In place of in-person visits to border health agencies, we asked students to conduct interviews with community partners to gain an understanding of the partner’s role in the health of border communities, especially during a global pandemic. The BHSLI students interviewed Emma Torres from Campesinos sin Fronteras, Janine Duron from CITA H2-A Services and Resource Center, Ileana Arvizu - a farm labor contractor in the Central Valley in California, Diana Gomez, Benito Lopez, and Cynthia Espinoza from the Yuma County Health District, as well as Amanda Aguirre from the Regional Center for Border Health and Alfredo Sanchez from the Hospital General de San Luis Rio Colorado. Several partners also gave presentations including Bryna Koch from the University of Arizona Center for Rural Health, Gail Emerick from the Southeast Arizona Health Education Center, and Agent James Avens from U.S. Customs and Border Protection – Yuma Station. We are so grateful to our partners for their willingness to be part of BHSLI 2020.
We also employed a variety of technologies to make the online version of BHSLI as interactive as possible. We met as a class over zoom video conferencing and then used nearpod and Google slides for in-class presentations and activities. One of the best parts about BHSLI is the food. To get around the fact that we weren’t meeting in-person, we sent each class participant a Grub Hub gift certificate prior to each class and encouraged everyone to support their local Mexican eateries. Additionally, one of the skills students develop in BHSLI is note taking and journaling. To help students connect their handwritten notes to our online class, each student and instructor received a Rocketbook – a notebook with which the user can transform their handwritten notes into searchable PDFs.
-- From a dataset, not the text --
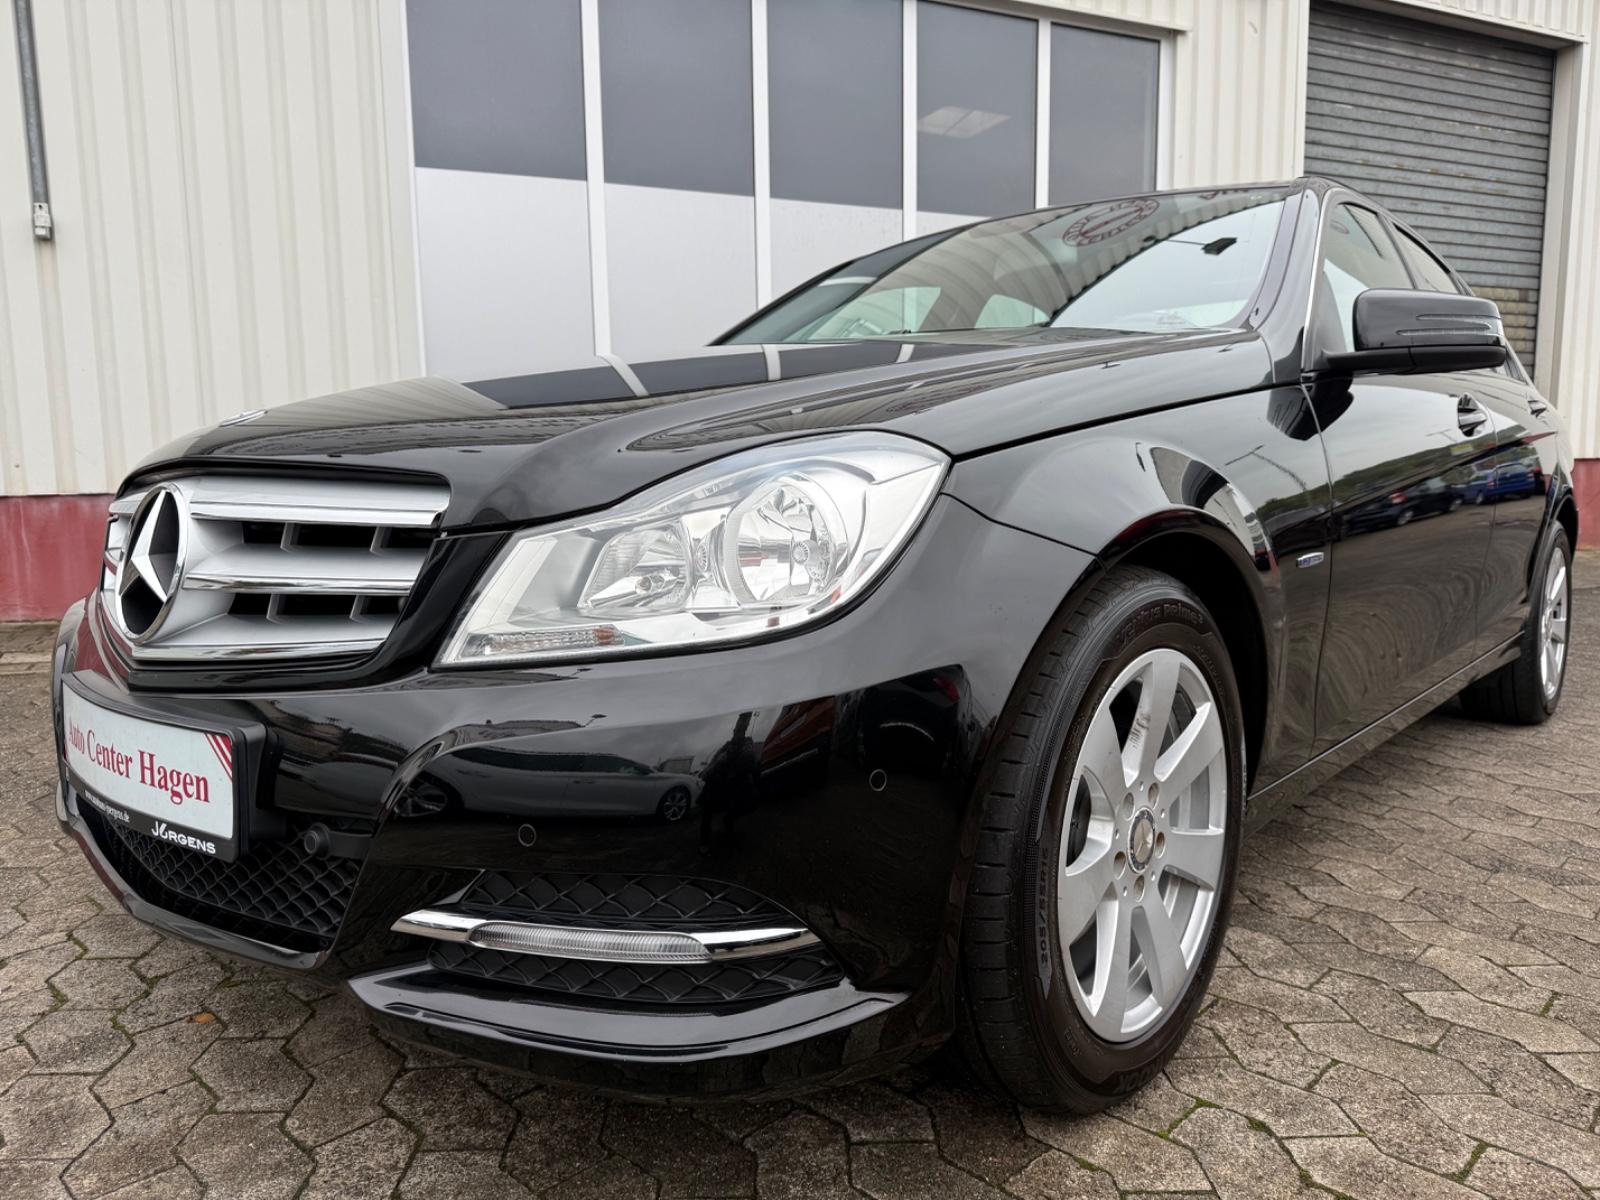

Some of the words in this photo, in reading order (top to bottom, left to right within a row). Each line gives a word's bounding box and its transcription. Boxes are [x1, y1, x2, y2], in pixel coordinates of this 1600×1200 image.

We ended the course with a final reflection by asking the students to make public health recommendations for improving border health going forward. Based on what they learned in the course, here is what the BHSLI 2020 students suggested:
- Culturally relevant educational video series to inform people on how to best gather for the holidays, if they plan on doing so
- Acknowledge that physical touch is culturally important, but emphasize that this could spread Covid-19
- Acknowledge that there are still mitigation measures people can take if they gather
- Partner with churches or other trusted community leaders
- Free rapid testing
- Community resources for multigenerational homes to quarantine
- Require safe work environment for farmworkers
- Provide one PPE package for each worker: mask, hand-sanitizer, thermometer, water bottle
- Provide an eating environment where workers are able to maintain a distance of a least 6 feet apart
- Provide hand washing stations that are accessible
- Provide frequent coaching to encourage workers to following healthy Covid habits
- Provide at least one Covid test before returning home
- Advocate for a reform in the migrant worker process through modification and expansion of visa processes, involving the development of the policy workers who regularly cross the border illegally and those who employ these workers to maximize the policy’s utility.
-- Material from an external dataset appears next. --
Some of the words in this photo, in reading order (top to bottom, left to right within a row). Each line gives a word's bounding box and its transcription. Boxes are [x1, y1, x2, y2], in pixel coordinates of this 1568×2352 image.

- Create a university credit course template for border area and farmworker studies so that easier access for students across the United States to travel to the border for in-person experiences in lieu of international study-abroad over the summer with a goal of 50 students in the first year. Development of the curriculum will require involvement of groups along the border and those who work in the region.
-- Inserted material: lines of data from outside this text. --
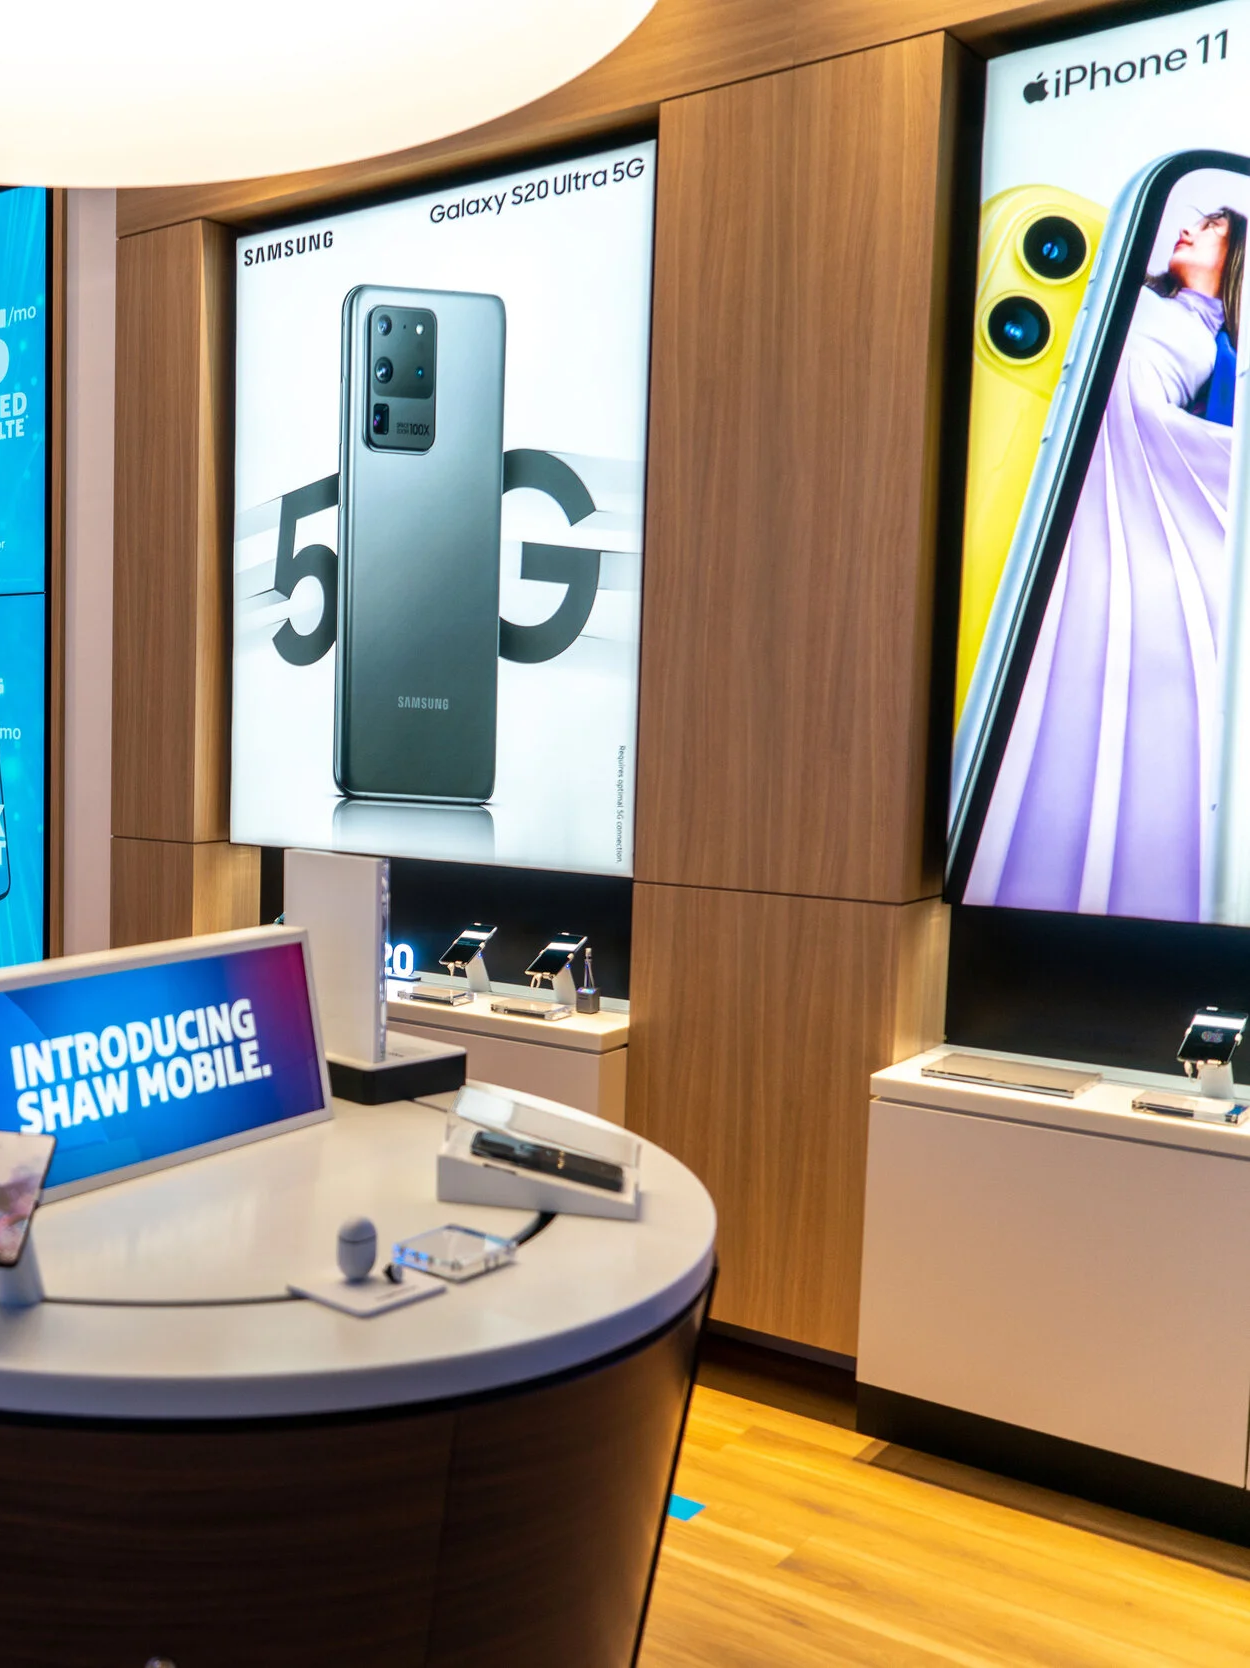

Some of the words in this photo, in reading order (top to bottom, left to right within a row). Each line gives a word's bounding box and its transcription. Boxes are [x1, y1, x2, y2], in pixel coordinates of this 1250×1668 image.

[1054, 47, 1188, 98] iPhone
[1196, 28, 1229, 64] 11
[430, 192, 507, 223] Galaxy
[511, 179, 550, 206] S20
[553, 168, 608, 196] Ultra
[612, 157, 645, 183] 5G
[243, 230, 334, 267] SAMSUNG
[397, 695, 449, 711] SAMSUNG
[616, 745, 626, 778] Requires
[616, 779, 625, 808] optimal
[10, 998, 257, 1090] INTRODUCING
[16, 1070, 129, 1135] SHAW
[136, 1040, 272, 1108] MOBILE.
- Inaugurate a coalition of ethical farmworker contractors with at least 10 firm-members to develop industry standards including learning from Covid-19 pandemic experience by May 2021. This coalition will be guided by a community advisory board made up of migrant workers who will advise and provide feedback on issues.
- In 2021, develop a government subsidy program for farms that pay living wages with healthy labor practices. Farm subsidy plan should be informed by lived experiences of migrant farmworkers, feasible practices of labor contractors and by research and data from public health and medical professionals. In 2022, propose farm subsidy plan to Farm Bill revisions in 2023.
Finally, after the course concluded, our final ‘thank you’ to our community partners included delivering a packet of COVID-19 educational materials, masks, and other prevention items to assist with their community outreach activities.
A heartfelt THANK YOU to the BHSLI 2020 students for their patience and resilience over this semester and to our community partners for their support and guidance. We look forward to BHSLI 20201!
Finally, many thanks to this year’s teaching team!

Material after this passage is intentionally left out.